Shared Risk Factors for Heart Failure and Prostate Cancer
Men who get prostate cancer usually die from something else rather than from the cancer — most often a heart attack or heart failure. In one large study, more than half of prostate cancer patients suffered from uncontrolled risk factors for heart attacks (JAMA Netw Open, Feb 24, 2021;4(2):e210070). Common laboratory indicators of both heart attack and prostate cancer risk include:
• blood pressure higher than 140/90 mm Hg
• LDL cholesterol higher than 130 mg/dL
• hemoglobin A1c (an indicator of diabetes) over 5.7
• alcohol use
• high blood homocysteine
• excess fat in the liver
• lack of exercise
• unhealthful diet
The 10-year risk for people developing cancer or heart attacks with an unhealthful lifestyle was 40 percent for men and 25 percent for women, compared to 30 percent for the men and 18 percent for the women with healthful lifestyles (BMC Medicine, Jan 15, 2020;18(5)). The risks are even higher for black men.  In 2022, Belafonte lost his life-long friend Sidney Poitier, who had both heart failure and prostate cancer.

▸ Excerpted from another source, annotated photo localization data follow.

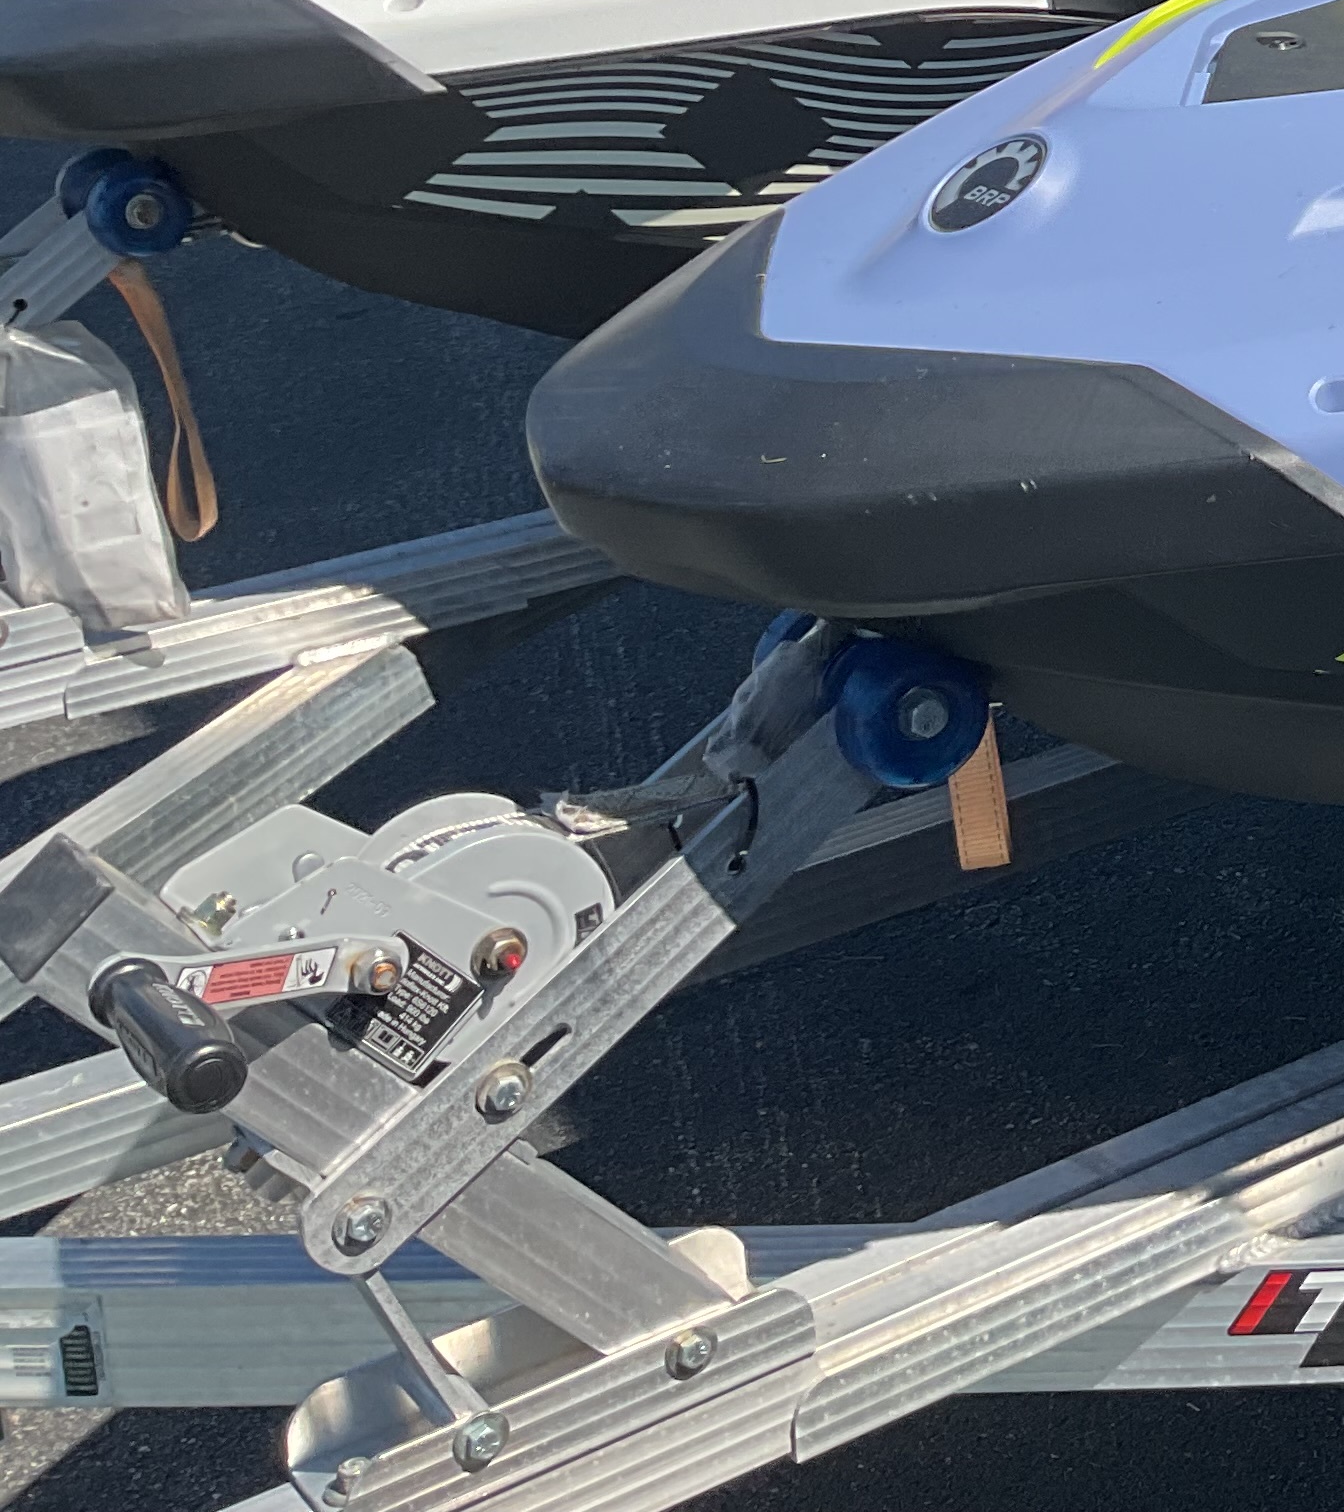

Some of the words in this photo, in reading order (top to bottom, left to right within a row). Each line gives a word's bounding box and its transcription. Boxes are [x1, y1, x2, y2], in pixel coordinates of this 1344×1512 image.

[964, 185, 1011, 207] BRP
[417, 952, 453, 981] KNOTT
[376, 1009, 392, 1023] ade
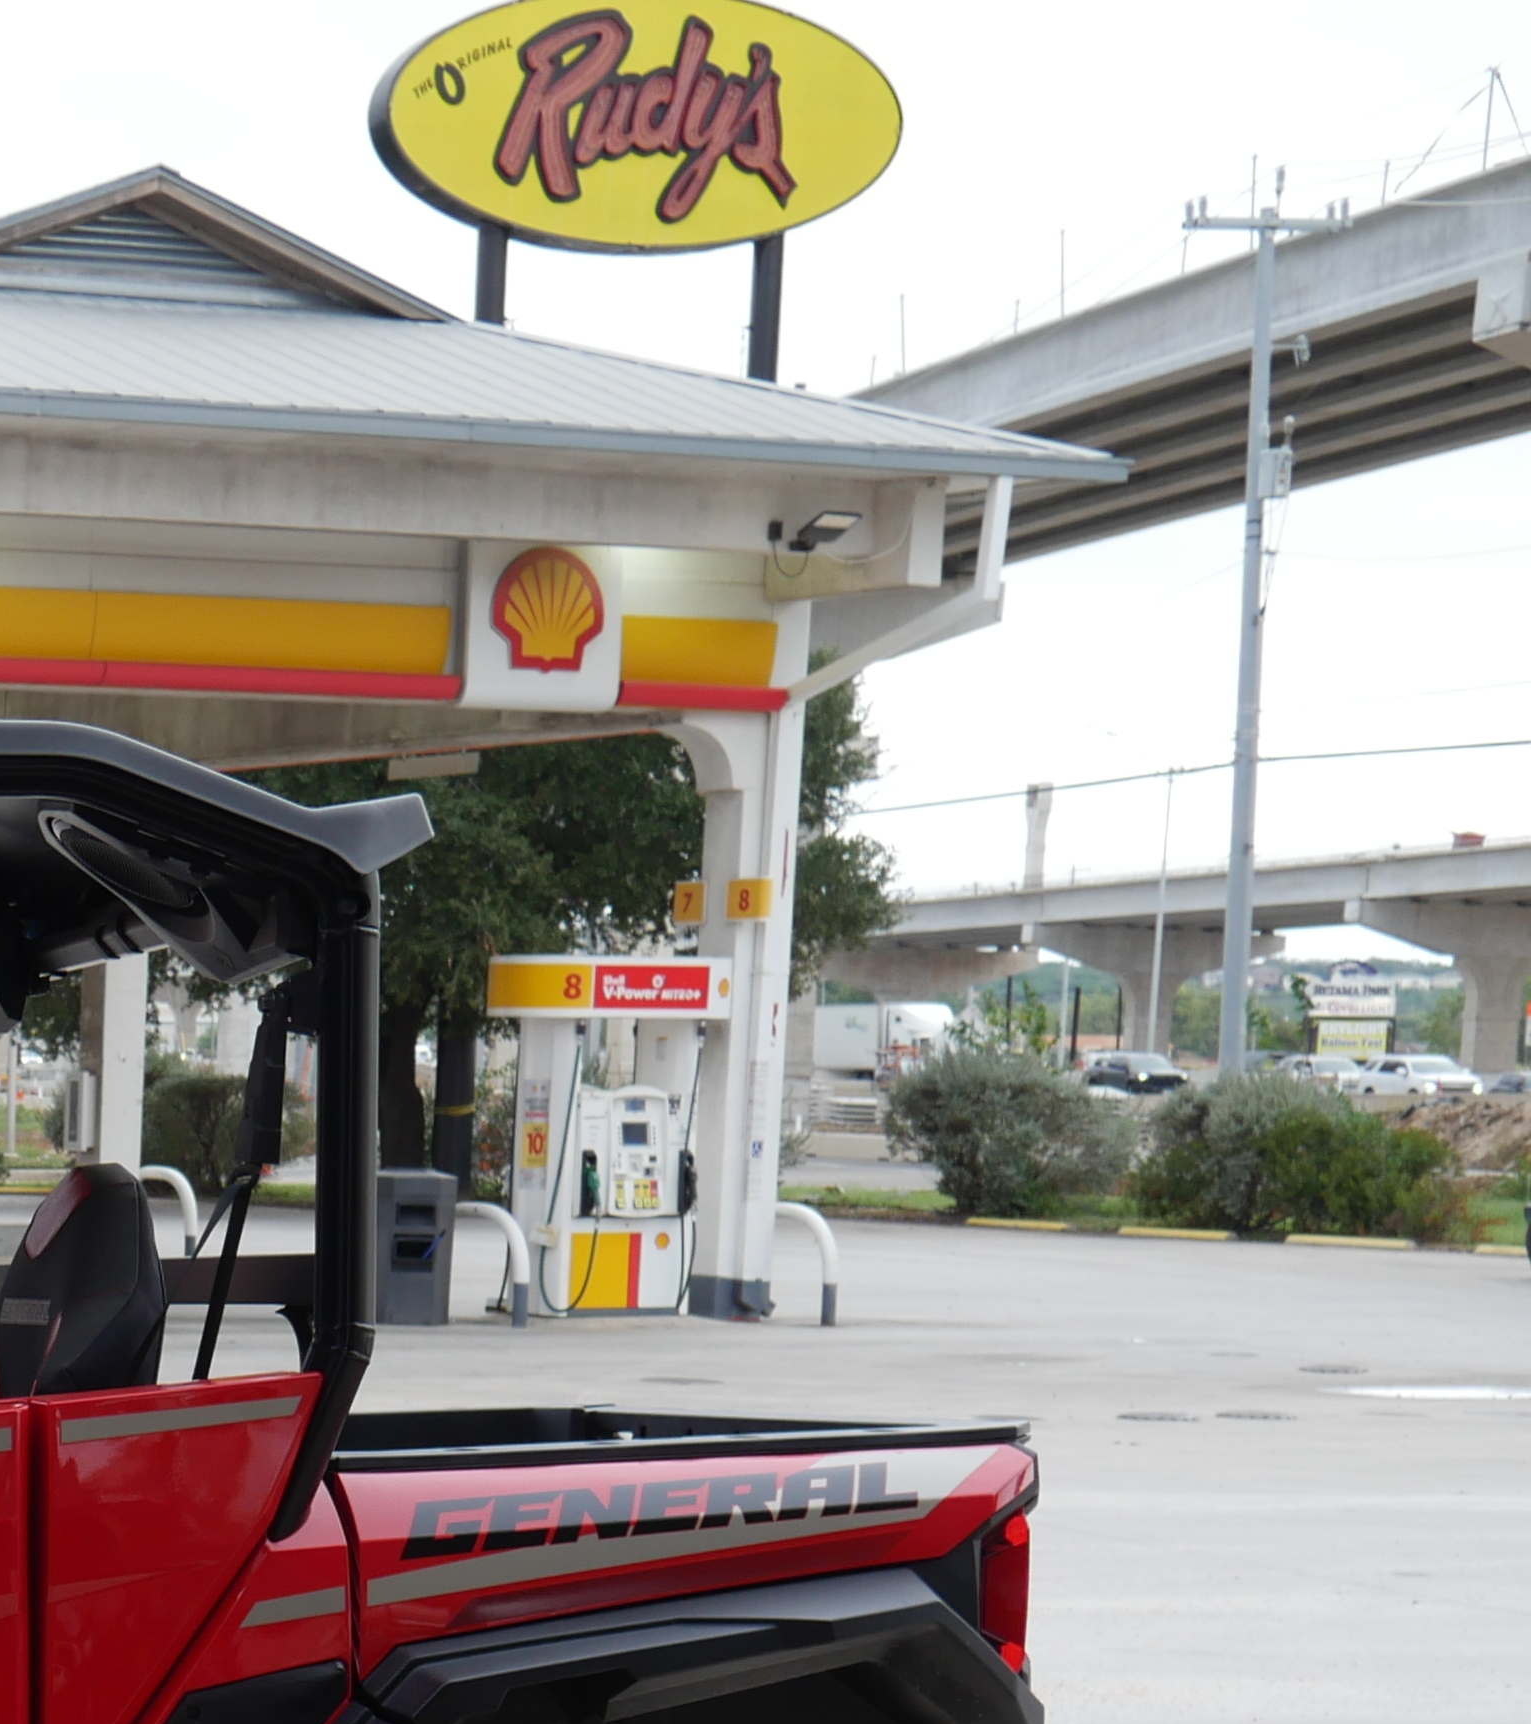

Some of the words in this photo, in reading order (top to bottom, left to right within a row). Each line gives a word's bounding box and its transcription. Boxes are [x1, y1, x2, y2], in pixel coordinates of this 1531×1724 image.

[413, 77, 435, 98] THE
[434, 36, 513, 106] ORIGINAL
[494, 9, 797, 223] Rudy's
[683, 892, 693, 913] 7
[739, 889, 750, 911] 8
[563, 973, 582, 999] 8
[603, 974, 625, 985] Shell
[1314, 985, 1359, 996] RETAMA
[1363, 985, 1390, 996] PARK
[603, 985, 657, 1000] V-Power
[400, 1462, 919, 1560] GENERAL

All men should be told that the American Cancer Society and the American Urologic Association recommend that anyone with prostate cancer should be checked for heart attack risk factors (Circulation, 2010;121(6):833-840) and be put on a lifestyle heart attack prevention program (Circulation, 2016;133(5):537-541). This will save lots of lives because prostate cancer is usually a slowly progressive disease and men are more likely to die from heart disease. Ten years after being diagnosed with prostate cancer, the vast majority of men will survive whether they were treated with surgery, radiation, or “active surveillance” where they were followed and not treated unless their cancer progressed (New England Journal of Medicine, September 14, 2016).

An Anti-Inflammatory Lifestyle Helps to Prevent or Treat Prostate Cancer and Heart Disease
Inflammation means that your immune system is active all the time. Your immune system is supposed to be good for you because it prevents germs from getting into your bloodstream, and it seeks out and destroys the millions of defective cells (cancer cells) that everybody produces every day. However, an overactive immune system (too much inflammation) can use its cells and proteins to attack and destroy the DNA in healthy cells, altering them so they may become cancer cells that can overgrow, invade healthy tissue and kill you.

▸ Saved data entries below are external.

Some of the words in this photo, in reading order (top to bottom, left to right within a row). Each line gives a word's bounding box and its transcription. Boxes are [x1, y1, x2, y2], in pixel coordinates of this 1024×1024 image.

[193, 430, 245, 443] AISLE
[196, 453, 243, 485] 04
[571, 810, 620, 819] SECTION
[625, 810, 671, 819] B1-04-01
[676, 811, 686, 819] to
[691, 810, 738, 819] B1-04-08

Live As Healthfully as Belafonte Did
You can help to prevent and treat heart disease and cancer with an anti-inflammatory lifestyle that should be followed for your entire life. The anti-inflammatory lifestyle rules include:
• try to exercise every day,
• avoid red meat, processed meat, sugar-added foods, sugared drinks including fruit juices, and fried foods
• eat large amounts of fruits, vegetables and seeds
• lose excess body fat, particularly in the belly
• keep blood levels of hydroxy vitamin D above 30 ng/dL
• restrict or avoid alcohol
• avoid smoking and second-hand smoke
• avoid chronic exposure to excess sunlight
• avoid exposure to X rays and other sources of radiation
• avoid exposure to harmful chemicals such as insecticides, herbicides and industrial chemicals
• treat chronic infections anywhere in the body.